Did I work hard enough on that project? Did I say the right thing? Why haven’t they replied yet?
Those hassling thoughts that can lead to a spiral. And before you know it, I’ve created a whole made-up narrative.
I didn’t work hard enough and so will probably get fired. True? False!
I really offended that person. True? Completely false - in fact, they were barely paying attention to what I had to say.
They haven’t replied because they hate me? True? Very wrong! They’ve had a family emergency and my message has made their day!
Our worry likes to spiral and in the spiralling, it creates false stories. False stories? False beliefs? You could say: worry is an illusion.
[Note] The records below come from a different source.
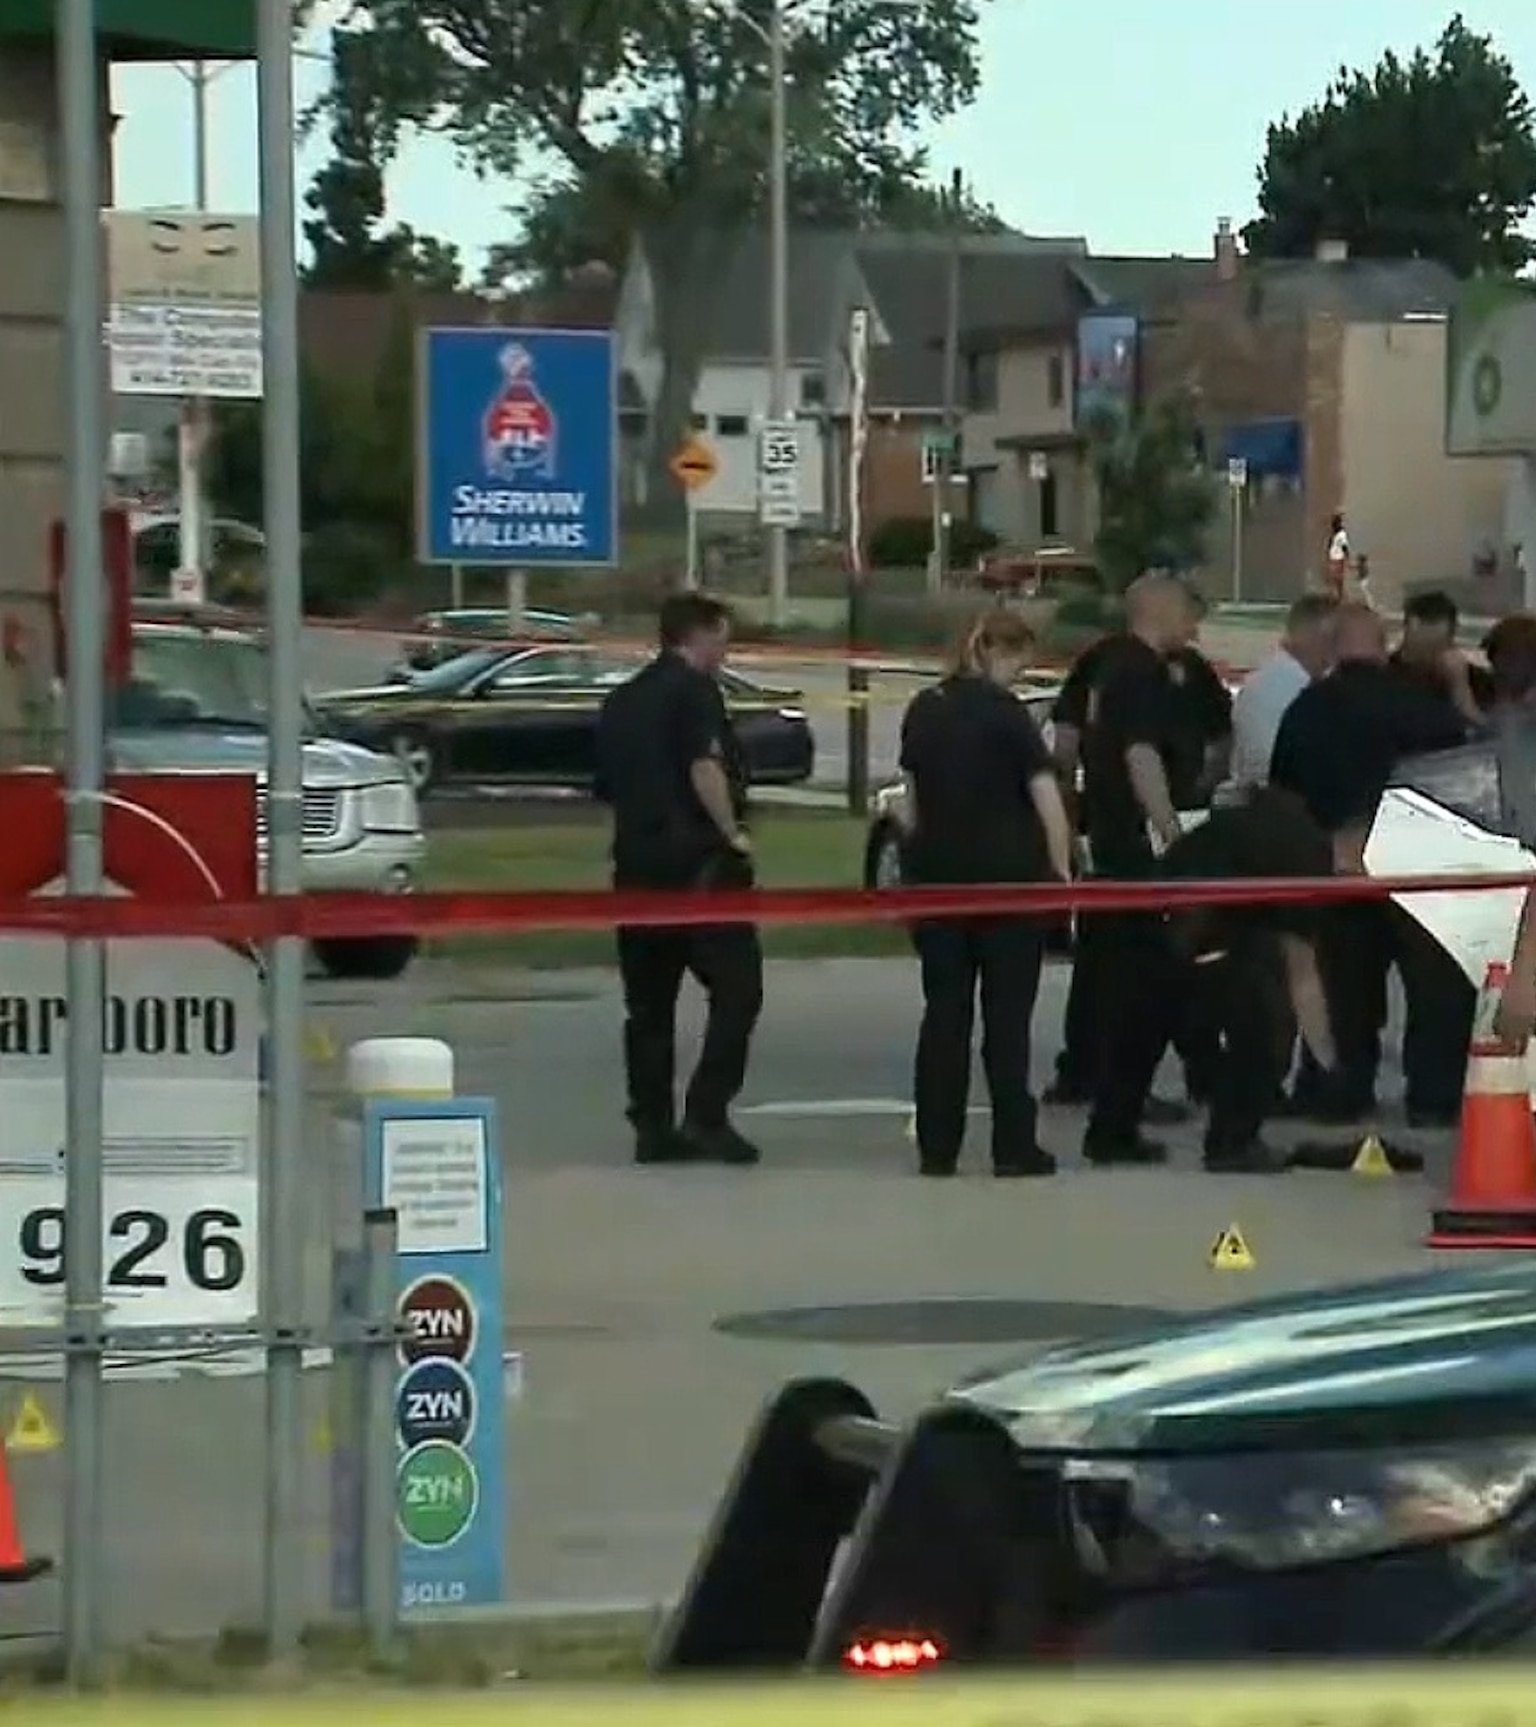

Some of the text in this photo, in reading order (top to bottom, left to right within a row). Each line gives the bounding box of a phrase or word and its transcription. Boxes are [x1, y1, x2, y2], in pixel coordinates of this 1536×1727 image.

[768, 443, 796, 462] 35
[452, 485, 585, 515] SHERWIN
[451, 517, 585, 548] WILLIAMS
[0, 996, 236, 1054] arboro
[408, 1309, 463, 1336] ZYN
[406, 1391, 463, 1419] ZYN
[405, 1474, 463, 1503] ZYN
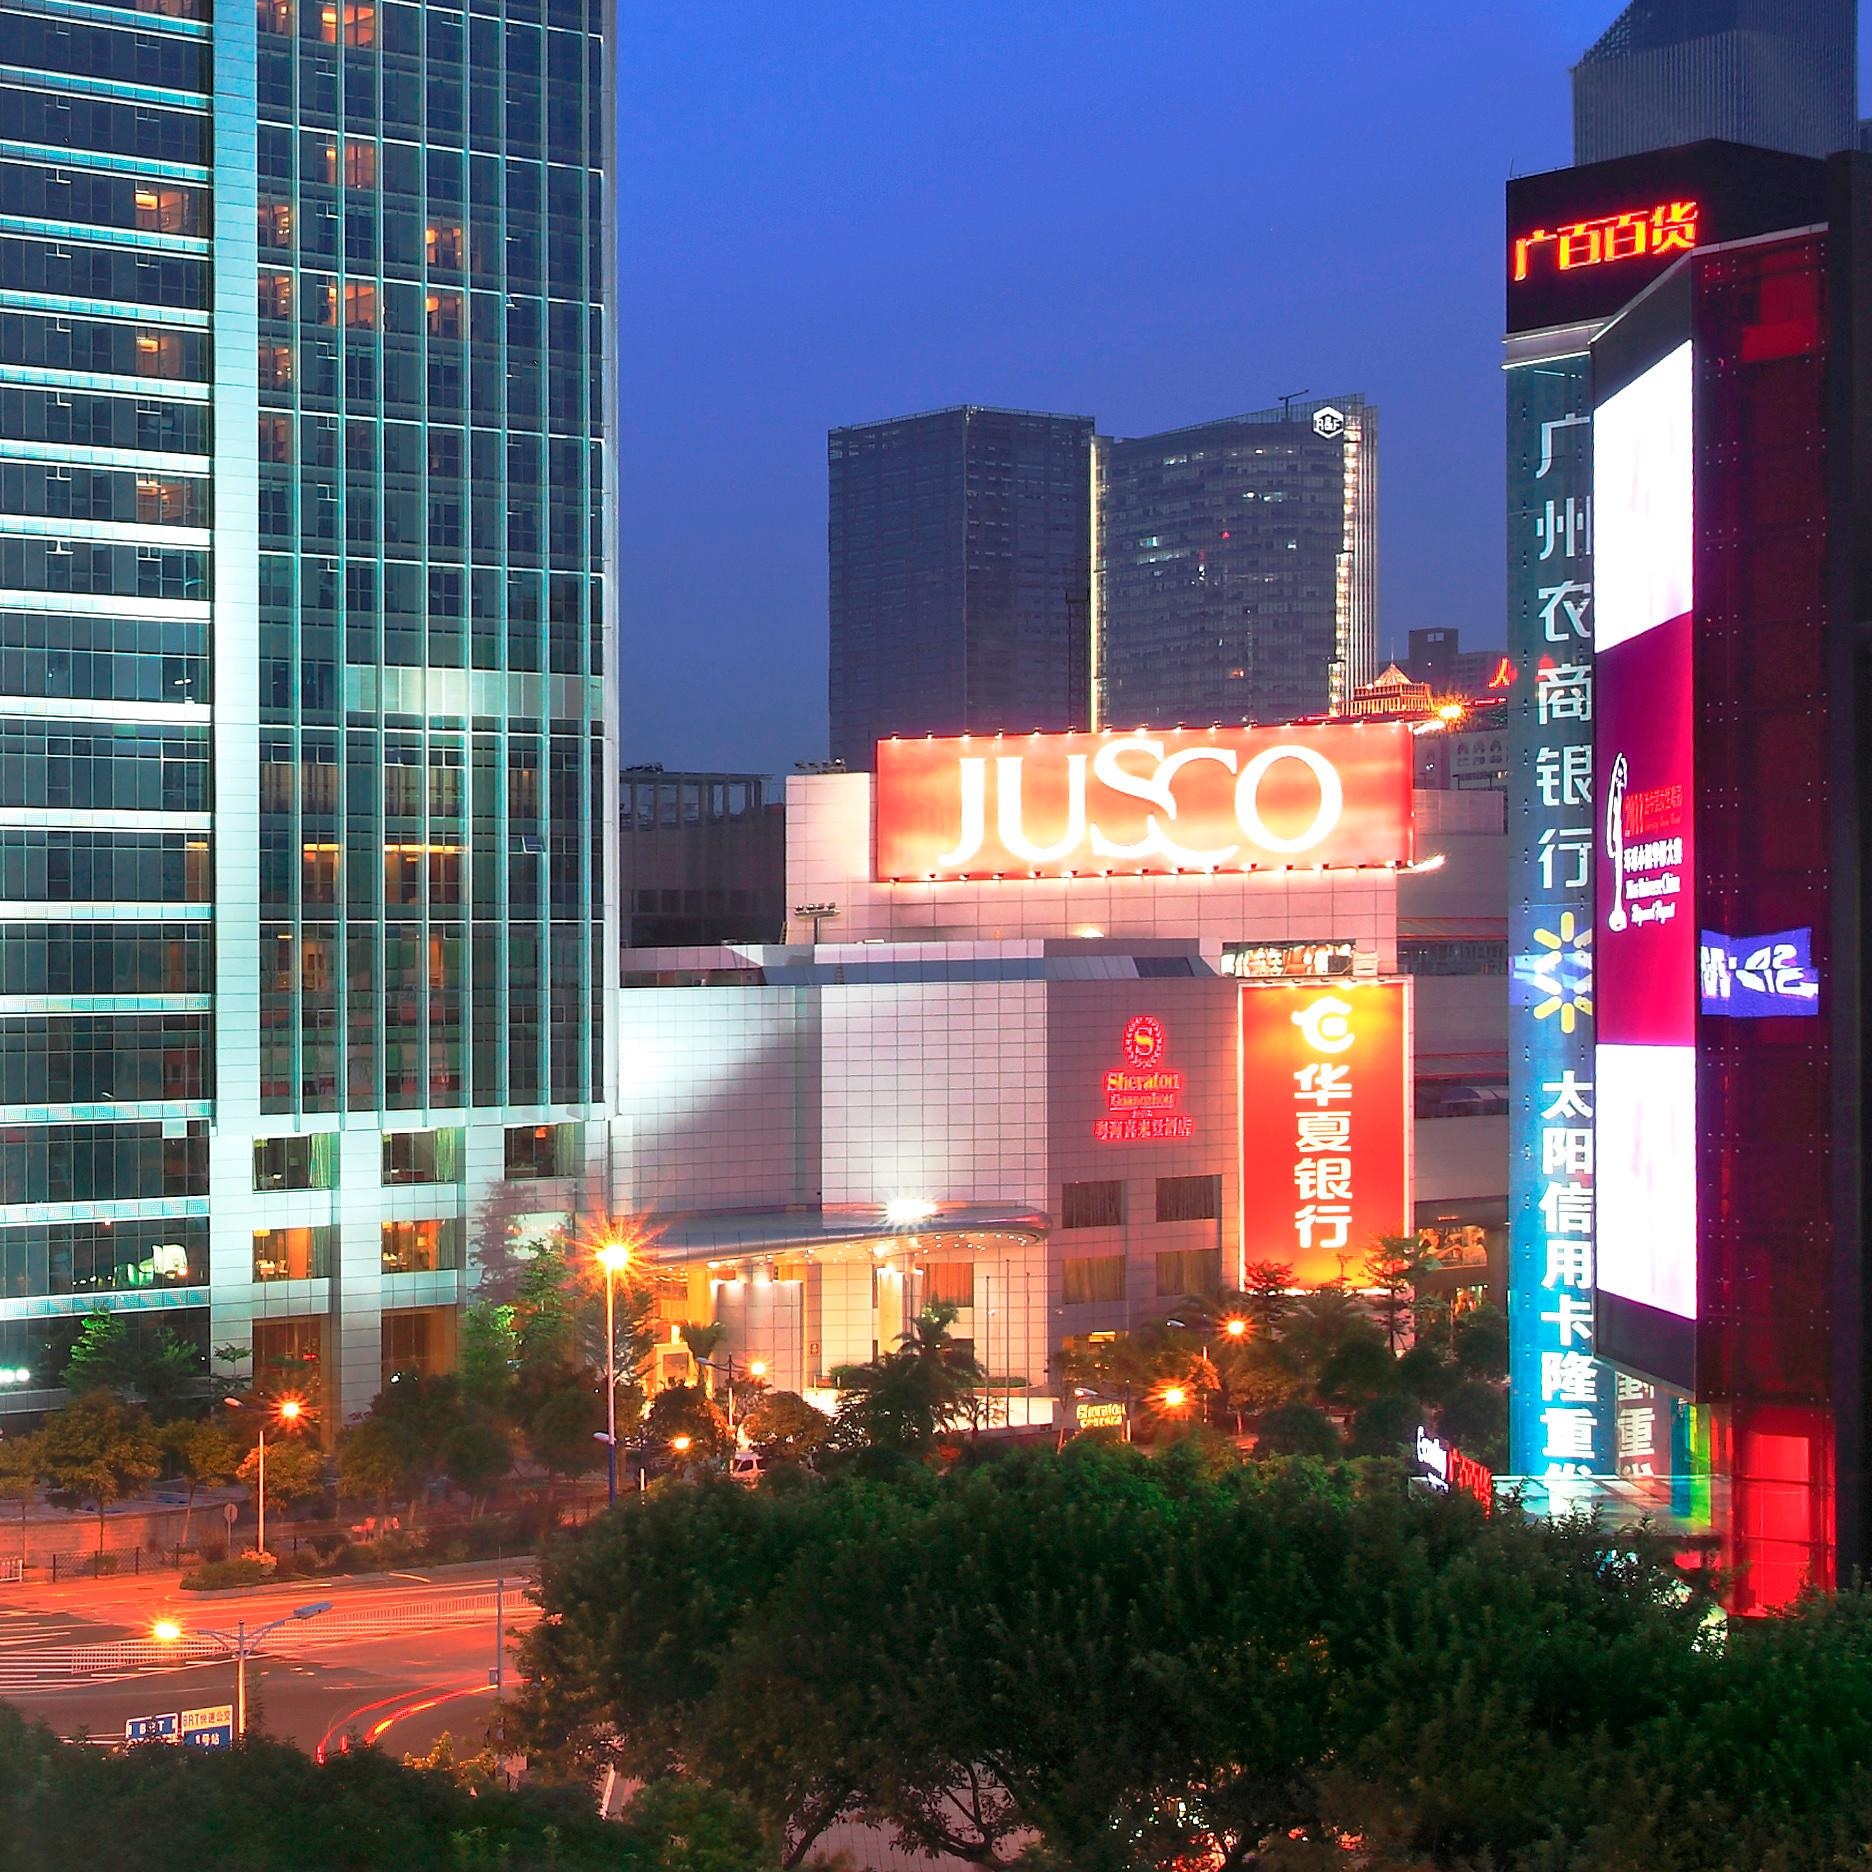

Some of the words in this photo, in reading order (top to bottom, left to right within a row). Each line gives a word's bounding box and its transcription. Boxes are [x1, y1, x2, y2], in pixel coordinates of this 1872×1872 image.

[1514, 201, 1698, 282] 广百百货
[1535, 412, 1592, 890] 广州农商银行
[937, 738, 1343, 868] JUSCO
[1107, 1071, 1181, 1091] Sheraton
[1293, 1062, 1354, 1249] 华夏银行
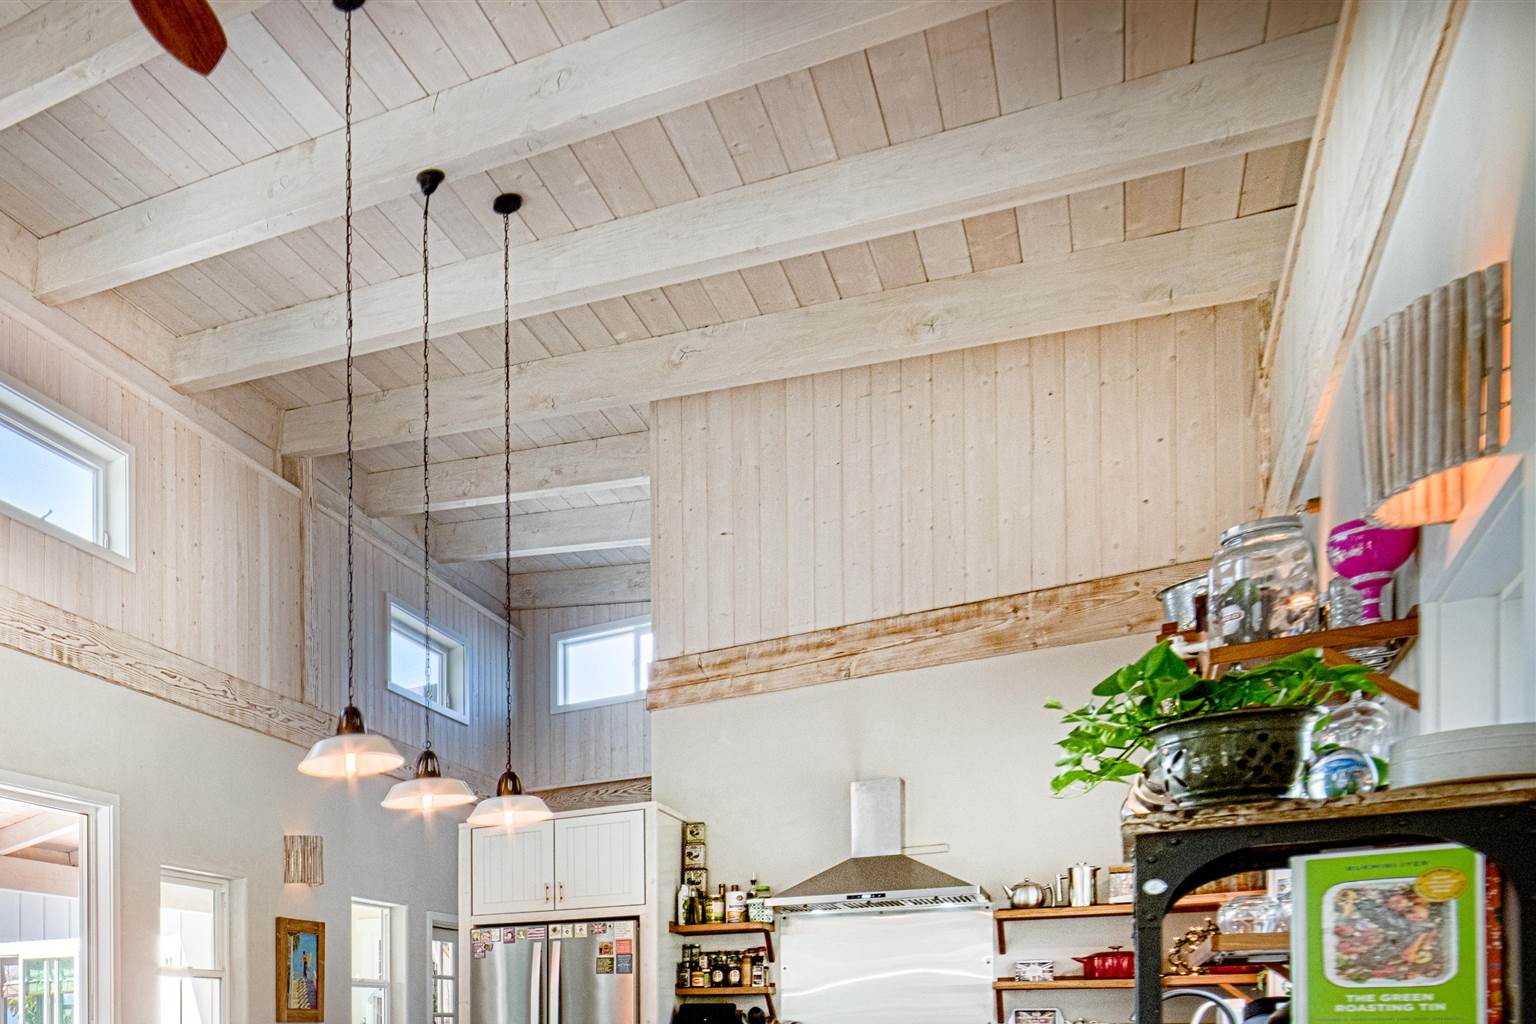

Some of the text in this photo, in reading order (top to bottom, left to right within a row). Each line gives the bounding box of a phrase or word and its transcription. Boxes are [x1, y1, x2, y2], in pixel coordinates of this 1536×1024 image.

Worry is the state of being anxious and troubled over actual or potential problems.
So, sometimes - just sometimes - worry can be slightly helpful. I say this tentatively because it’s the slightest of slight. A bull is running towards you in a field? You might want to worry. You’ve just remembered your MOT is due tomorrow (*my pre-MOT car wash is due soon but definitely not tomorrow!)? Yeah, worry might come in handy then. But most of the time, I think we can all agree that worry is rarely helpful and definitely not completely true. Could you stand up in court and give evidence that your worrying thoughts are factually correct? Nope? Perfect - so they are illusions. They’re false. If they’re not completely true then they’re wrong. And if they’re wrong, they’re an illusion.
Illusions. Sometimes they can be fairly harmless - or at least, not harmful to others. Sometimes they might not be harmful to others but harmful to ourselves. Sometimes illusions can be - unintentionally - harmful to others.
I am not good enough so I won’t go for that new job. What difference could you make if you did go for that job?
I am really embarrassed that I’ll say the wrong thing. Someone might need to hear exactly what you have to say.
Illusions. Use them wisely. Recognise when they’re working for you. Be aware of when they’re working against you. Whatever you do, don’t be deluded enough to think you don’t live in a world full of illusions. And please don’t waste your energy on illusions that are harmful to you or causing you stress. Put them where they belong - buried deep in the pit of deluded illusions.
Questions to ponder
What does illusions mean to you? What is your emotional reaction when I mention illusions?
What do you worry about most? Could you stand up in a court and give evidence for your worries?
Which illusions are you ready to let go of?
This is wonderful Jess, since the mention of illusions on soul circle I've been pondering over them but the way you put your thoughts into words is inspiring. Thank you.
Thank you for sharing this, Helen :).